1. SNR to exposure time

Although your mileage may vary depending on the details of your detector, you can take an approach similar to deriving what is known as the CCD equation. It's derived for the case of CCDs, but similar approaches can be used for any digital array, including the kind you're interested in. Here, I'm going to use the notation from Chromey's To Measure the Sky, but you can find similar derivations elsewhere online, e.g. these notes.

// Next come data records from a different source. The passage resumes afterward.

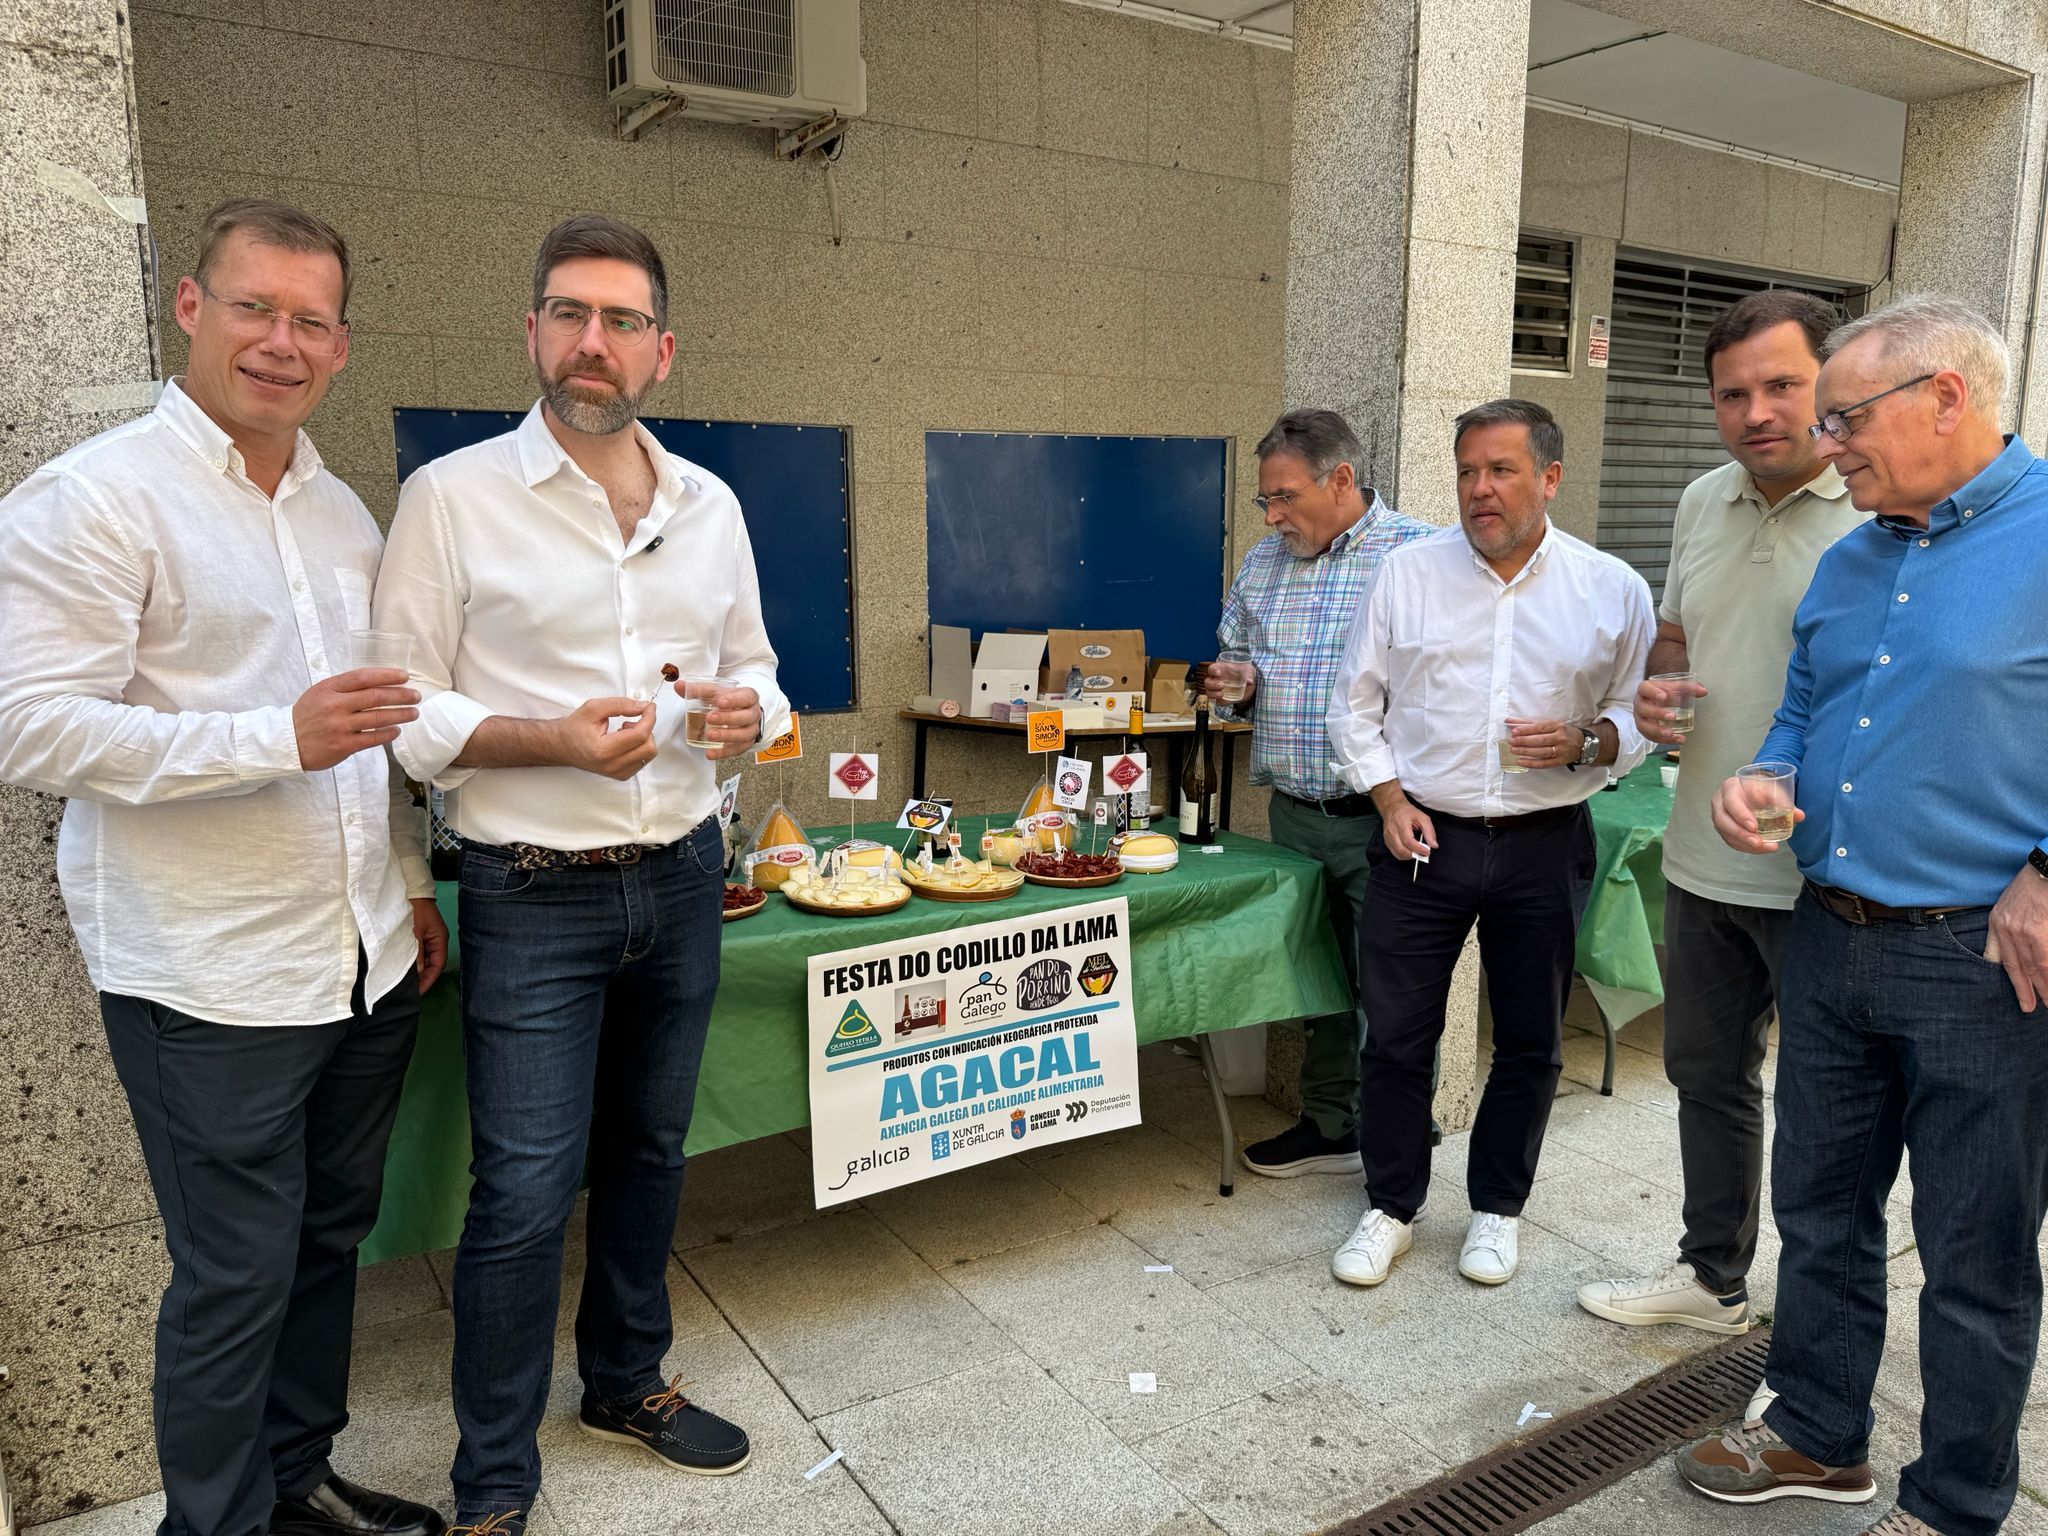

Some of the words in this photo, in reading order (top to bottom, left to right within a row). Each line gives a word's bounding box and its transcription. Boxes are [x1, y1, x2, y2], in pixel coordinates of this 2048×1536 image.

[1035, 725, 1050, 733] SAN
[823, 958, 893, 997] FESTA
[898, 950, 931, 981] DO
[937, 932, 1026, 974] CODILLO
[1031, 925, 1059, 954] DA
[1063, 914, 1119, 947] LAMA
[1088, 955, 1109, 965] MEL
[1029, 960, 1045, 979] PAN
[1047, 959, 1060, 977] DO
[966, 992, 992, 1009] pan
[960, 1001, 1007, 1019] Galego
[830, 1040, 855, 1051] QUEIXO
[855, 1035, 878, 1045] TETILLA
[883, 1052, 931, 1072] PRODUTOS
[932, 1046, 951, 1061] CON
[952, 1034, 1002, 1057] INDICACIÓN
[1003, 1023, 1053, 1043] XEOGRÁFICA
[1054, 1014, 1099, 1033] PROTEXIDA
[879, 1032, 1101, 1122] AGACAL
[880, 1117, 927, 1141] AXENCIA
[929, 1107, 969, 1128] GALEGA
[971, 1103, 986, 1116] DA
[987, 1089, 1037, 1112] CALIDADE
[1038, 1074, 1105, 1100] ALIMENTARIA
[1090, 1092, 1131, 1108] Deputación
[1091, 1100, 1131, 1114] Pontevedra
[1030, 1108, 1061, 1123] CONCELLO
[952, 1123, 985, 1140] XUNTA
[1030, 1121, 1040, 1132] DA
[1040, 1118, 1057, 1130] LAMA
[952, 1138, 965, 1151] DE
[966, 1128, 1005, 1148] GALICIA
[828, 1146, 910, 1191] galicia

There are several sources of noise in the detector:

  • There's inherent uncertainty in the number of photons detected from the object you're searching for, $N_*$.
  • There's a background from the sky all around the source.
  • Even in the absence of any signal, there's some sort of thermal noise, the dark current, and uncertainty in what constitutes zero counts, the bias.
  • There are several additional sources of noise arising from reading the signal and from estimating the dark current and bias, including something called the read noise.

We can quantify the strength of a possible detection by its signal-to-noise ratio, SNR. If the detector operator is able to properly calibrate the dark and bias, the SNR is approximately $$\mathrm{SNR}=\frac{\dot{N_*}t}{\sqrt{[\dot{N_*} + n_{\mathrm{pix}}a_b(\dot{b}+\dot{d})]t + n_{\mathrm{pix}}a_b\rho^2}}$$ with $\dot{N_*}$, $\dot{b}$ and $\dot{d}$ the rate of photons from the object, background and dark current, $\rho^2$ the read noise, $t$ the integration times, $n_{\mathrm{pix}}$ the number of pixels in the region surrounding the object, and $$a_b\approx1+\frac{n_{\mathrm{pix}}}{p_b}$$ with $p_b$ the number of pixels used to estimate the background.

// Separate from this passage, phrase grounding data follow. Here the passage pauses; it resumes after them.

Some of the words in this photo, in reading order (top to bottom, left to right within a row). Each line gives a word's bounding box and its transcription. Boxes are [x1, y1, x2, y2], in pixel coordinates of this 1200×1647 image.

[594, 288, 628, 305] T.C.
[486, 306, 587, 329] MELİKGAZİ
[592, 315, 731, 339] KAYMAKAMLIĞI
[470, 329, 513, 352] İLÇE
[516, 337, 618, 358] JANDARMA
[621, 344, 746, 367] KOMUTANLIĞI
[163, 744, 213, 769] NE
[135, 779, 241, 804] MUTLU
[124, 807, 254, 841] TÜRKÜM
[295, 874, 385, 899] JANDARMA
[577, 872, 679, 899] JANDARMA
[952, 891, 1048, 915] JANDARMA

If you want to detect a source at a certain signal-to-noise ratio, you can then invert the CCD equation using the quadratic equation to calculate how much time you'll have to observe it for; I leave this as an exercise, but it's fairly simple to calculate.

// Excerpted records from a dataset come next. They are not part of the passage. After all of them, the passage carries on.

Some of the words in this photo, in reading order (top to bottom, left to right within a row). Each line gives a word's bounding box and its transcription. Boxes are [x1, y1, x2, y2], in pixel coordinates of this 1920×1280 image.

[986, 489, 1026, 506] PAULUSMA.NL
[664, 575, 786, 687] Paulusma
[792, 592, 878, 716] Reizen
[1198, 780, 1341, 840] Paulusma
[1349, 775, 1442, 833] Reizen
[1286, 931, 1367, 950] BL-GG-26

There are a couple limiting cases:

  1. The object you're looking for is very bright. In this case, $\dot{N_*}t$ is bigger than any of the noise terms in the denominator, and the exposure time needed to reach some SNR is $$t=\frac{\mathrm{SNR}^2}{\dot{N_*}}$$
  2. The background is comparatively bright. Then $$t=\frac{\mathrm{SNR}^2}{\dot{N_*}^2}\left[\dot{N_*}+n_{\mathrm{pix}}a_b(\dot{b}+\dot{d})\right]$$ If the background is bright enough, it's possible that $\dot{b}\gg\dot{d}$ and $\dot{b}\gg\dot{N_*}$, making the equation even simpler.
  3. The read noise is large. Then for short exposures, $$t=\frac{\mathrm{SNR}}{\dot{N_*}}\sqrt{n_{\mathrm{pix}}a_b\rho^2}$$ It's quite possible that -- being in space -- the dark current will be minimal, since it should be easier to cool the instrument. Since your world has space travel, perhaps the technology has also made bias estimation more accurate. It's possible that the only sources of noise are the background and the Poisson noise from measuring the number of counts from your source.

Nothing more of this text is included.